Consumer sentiment worsened sharply in early August, falling to the lowest index level since 1980, according to the Thomson Reuters/University of Michigan's preliminary reading.
KURT KARL, CHIEF U.S. ECONOMIST, SWISS RE, NEW YORK
It's a big drop. It's to be expected. The confidence was guaranteed to go down given all the upsets in the market. Hopefully this won't be the precursor of consumers' action in August.
VIMOMBI NSHOM, ECONOMIST, IFR ECONOMICS, A UNIT OF THOMSON
The destruction in the preliminary reading of Thomson Reuters/University of Michigan Index of Consumer Sentiment (CSI) which crumbled to 54.9 -- a score lower than even that reached during the recession (Nov '08, 55.3) --shows that even more Americans were defensive and thrifty in early August, in their second year of a frail recovery, than in the middle of the crisis. Obviously, more consumers became increasingly convinced that another recession was about to occur.
The CSI tanked 13.8% from July's score of 63.7, and that score itself was a double digit decline from the month prior--10.9%. The two months of growing pessimism come after May's slight bump in confidence whose suggestion that discretionary spending would pick up again disappeared just as quickly as it came.

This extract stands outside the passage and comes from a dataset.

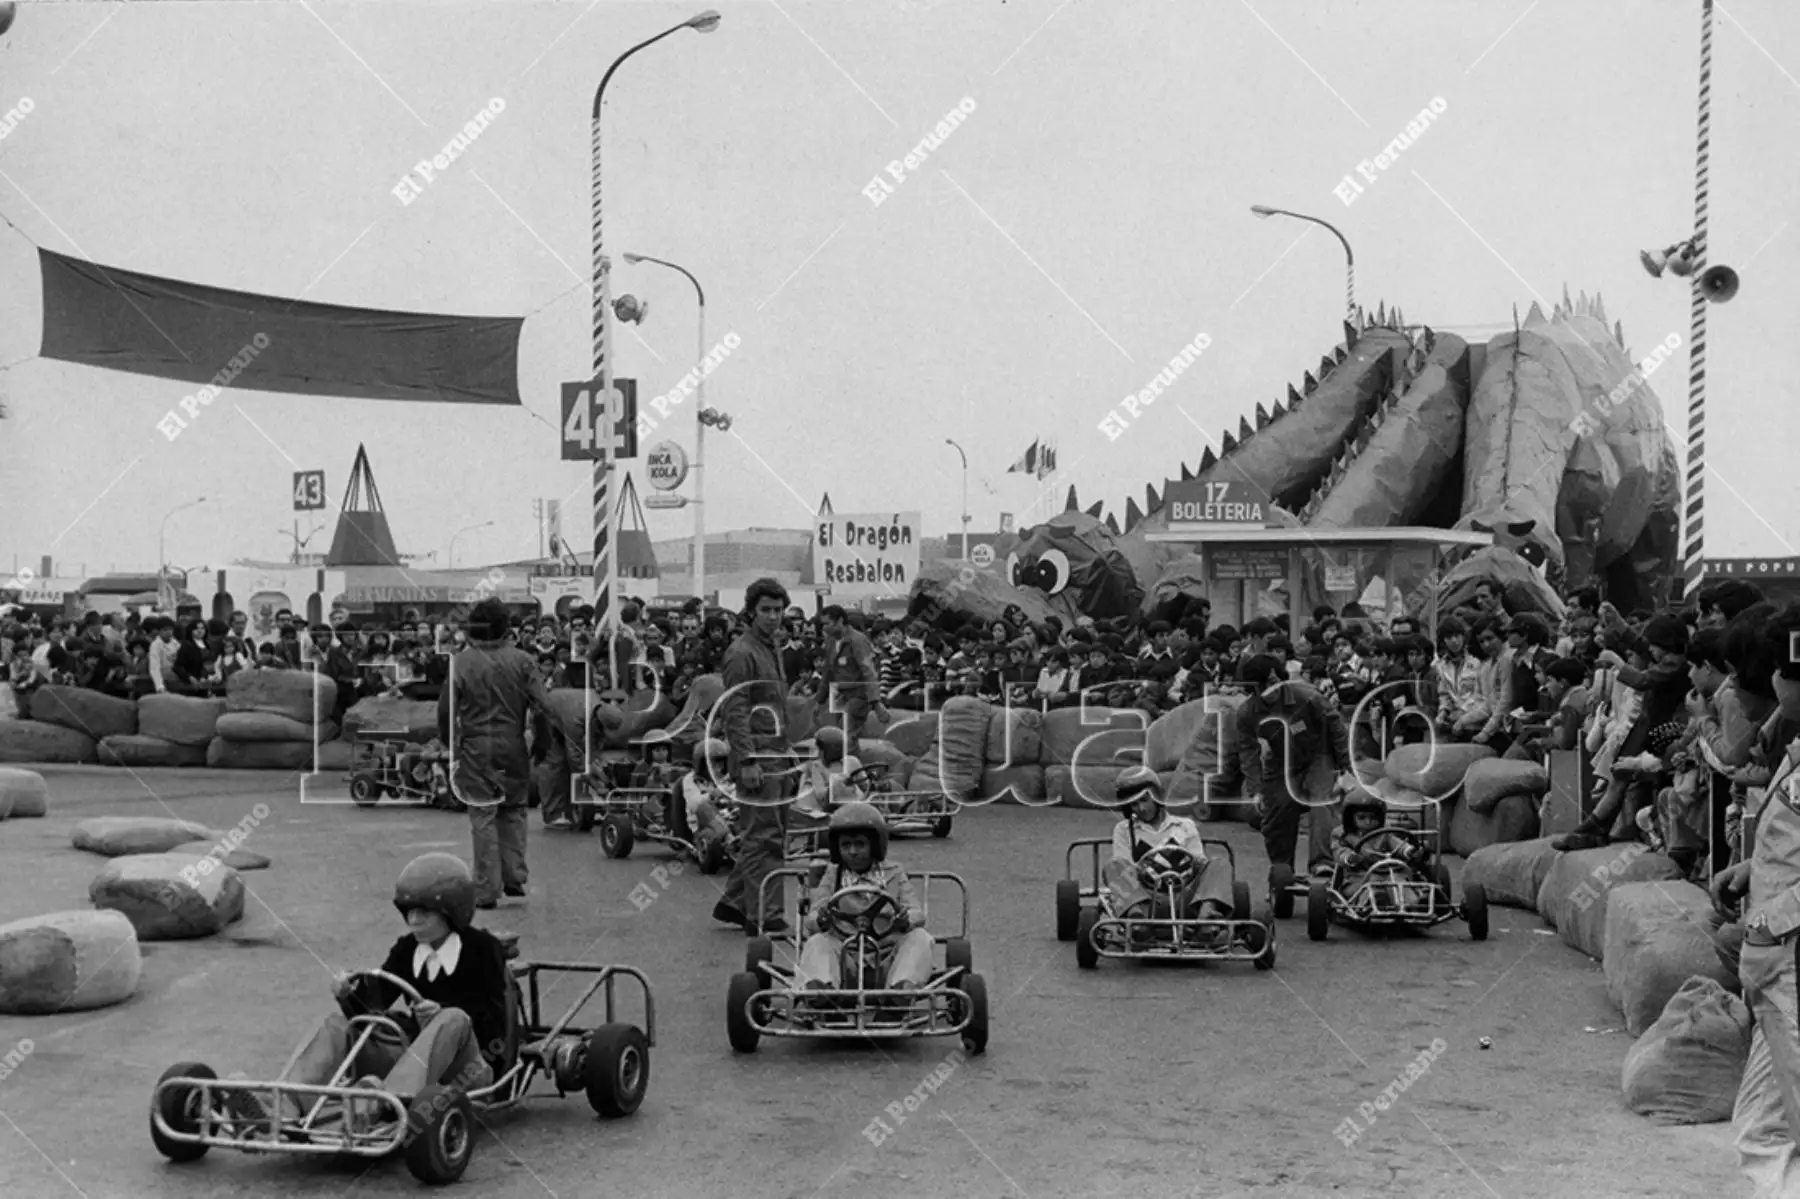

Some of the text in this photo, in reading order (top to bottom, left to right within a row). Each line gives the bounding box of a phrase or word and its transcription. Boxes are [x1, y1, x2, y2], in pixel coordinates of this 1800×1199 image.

The early pessimism can not be blamed on S&P's downgrade even thought it took place during the survey, because most of the decline had already been recorded (prior to last Friday). In other words, survey respondents immediately reported 1) more negative news of government's role in the economy, 2) a recently worsened economy, and 3) nonexistent income prospects in the year ahead, in the first week of August (before S&P's announcement on the 5th), with no further declines reported the second week of the survey (8th-12th) when life resumed the following Monday.